# WHAT YOU SHOULD DO:
For the records shown below, return an exact copy that excludes the pictures.

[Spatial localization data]
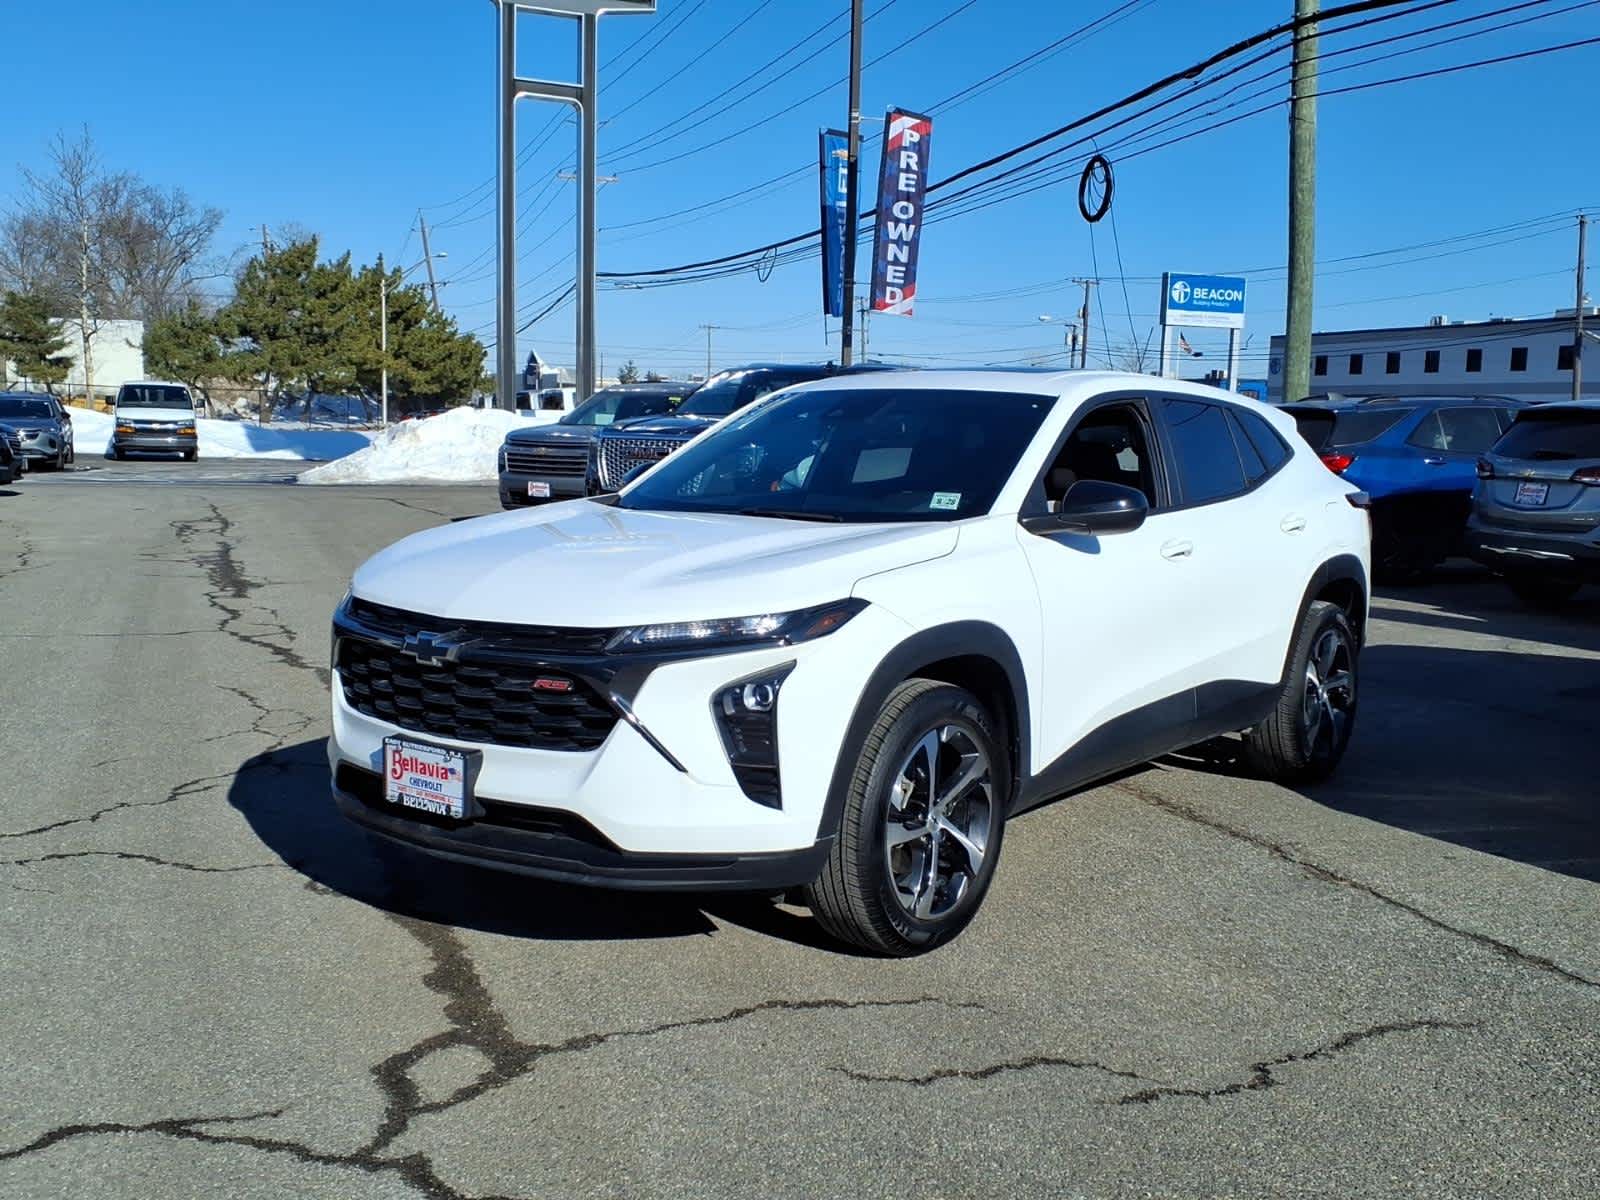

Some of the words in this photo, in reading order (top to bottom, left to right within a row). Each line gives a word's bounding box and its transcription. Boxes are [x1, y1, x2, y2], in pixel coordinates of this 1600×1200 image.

[897, 128, 921, 193] PRE
[884, 200, 916, 305] OWNED
[1193, 287, 1243, 302] BEACON
[534, 679, 570, 689] RS
[391, 749, 449, 780] Bellavia
[409, 776, 444, 793] CHEVROLET
[403, 794, 447, 816] BELLAVIA

# RESPONSE BOX:
Some of the words in this photo, in reading order (top to bottom, left to right within a row). Each line gives a word's bounding box and its transcription. Boxes are [x1, y1, x2, y2], in pixel coordinates of this 1600×1200 image.

[897, 128, 921, 193] PRE
[884, 200, 916, 305] OWNED
[1193, 287, 1243, 302] BEACON
[534, 679, 570, 689] RS
[391, 749, 449, 780] Bellavia
[409, 776, 444, 793] CHEVROLET
[403, 794, 447, 816] BELLAVIA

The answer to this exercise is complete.